Vocal cords, also known as vocal folds, are made up of twin introversions of mucous membrane and these remain stretched horizontally across the larynx. Vocal cords vibrate and modulate the flow of air. When we talk, the will also stiffen and also move closer to each other. Finally, the sounds and the words are produced when the tongue is moved in a particular direction along with the positing of the lips. The volume of the sounds is essentially controlled by increasing or decreasing the amounts of air that would pass through the vocal chords.
It is also known as voice box, positioned among pharynx and trachea and is a 2-inch-long, tube-shaped organ in the neck. Larynx is extensively used for talking and even breathing. It is also essential for swallowing. The external wall of cartilage of larynx is responsible for the shape of the “Adams apple.”

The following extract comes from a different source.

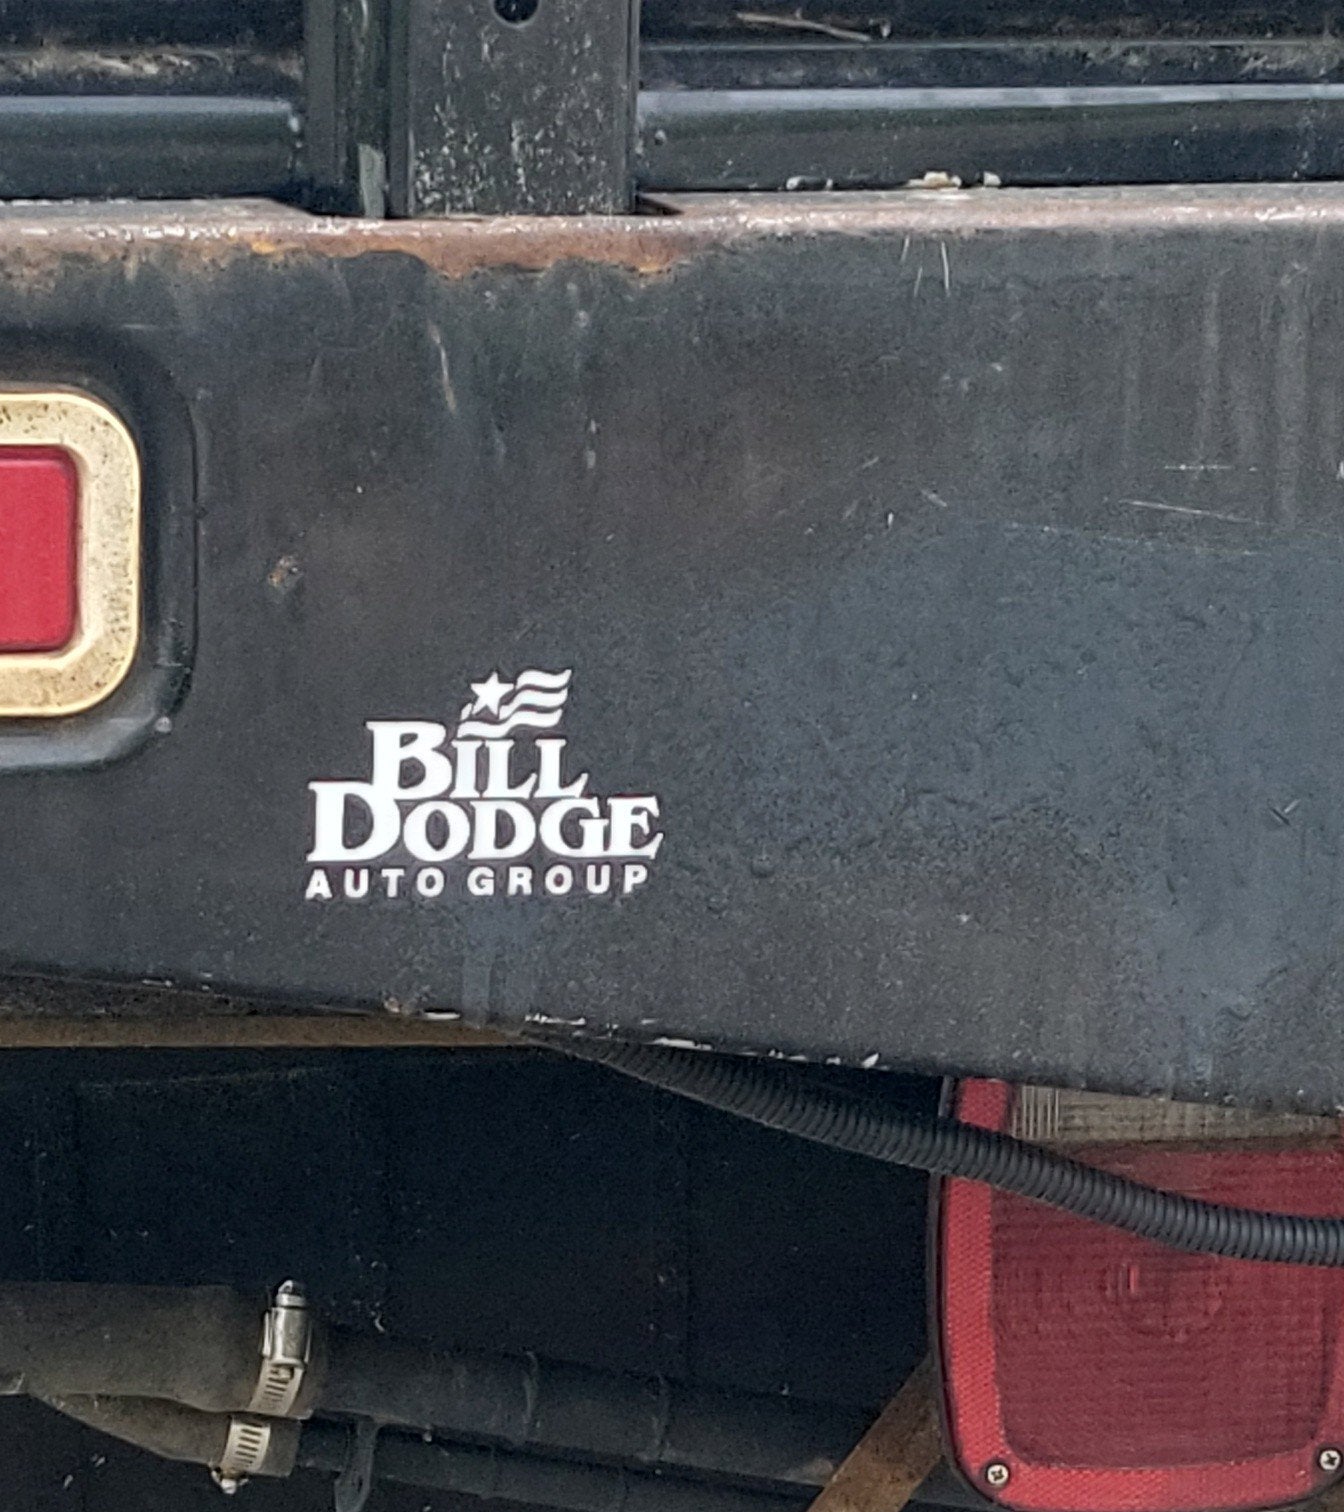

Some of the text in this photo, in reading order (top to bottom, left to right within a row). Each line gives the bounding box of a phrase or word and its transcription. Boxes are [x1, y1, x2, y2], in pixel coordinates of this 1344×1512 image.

Brain is the centre that controls speech and hearing as well. In fact, both are even interconnected. It controls the phonetic sounds and the articulation of the sounds.
Human speech also undergoes changes when a human reaches puberty. This is especially pronounced for boys. Since the vocal chords become thicker and the resonance chamber also increases, the voice modulation and quality changes. This is the reason, that pubescent boys sound different and their voice sounds hoarse or heavy. At times that voice will also sound squeaky and funny. This is because, at this time, they are also learning to modulate their vocal chords again.
The organs that are involved in the speech process for humans
Our lips, teeth, tongue and the mouth are used in various positions to emanate the sounds that we want to make. The uvula located inside our mouth is used specifically when we want to make some guttural noises. The uvula is also useful for making speaking the nasal tones by stopping the air from going inside the noise.
The vibrations that emanate from the vocal chords are controlled by the glottis and this helps us to make various sounds as well. The tongue taps and even touches the alveolar ridge and the hard palate inside our mouth when we are speaking and making different noises in that process.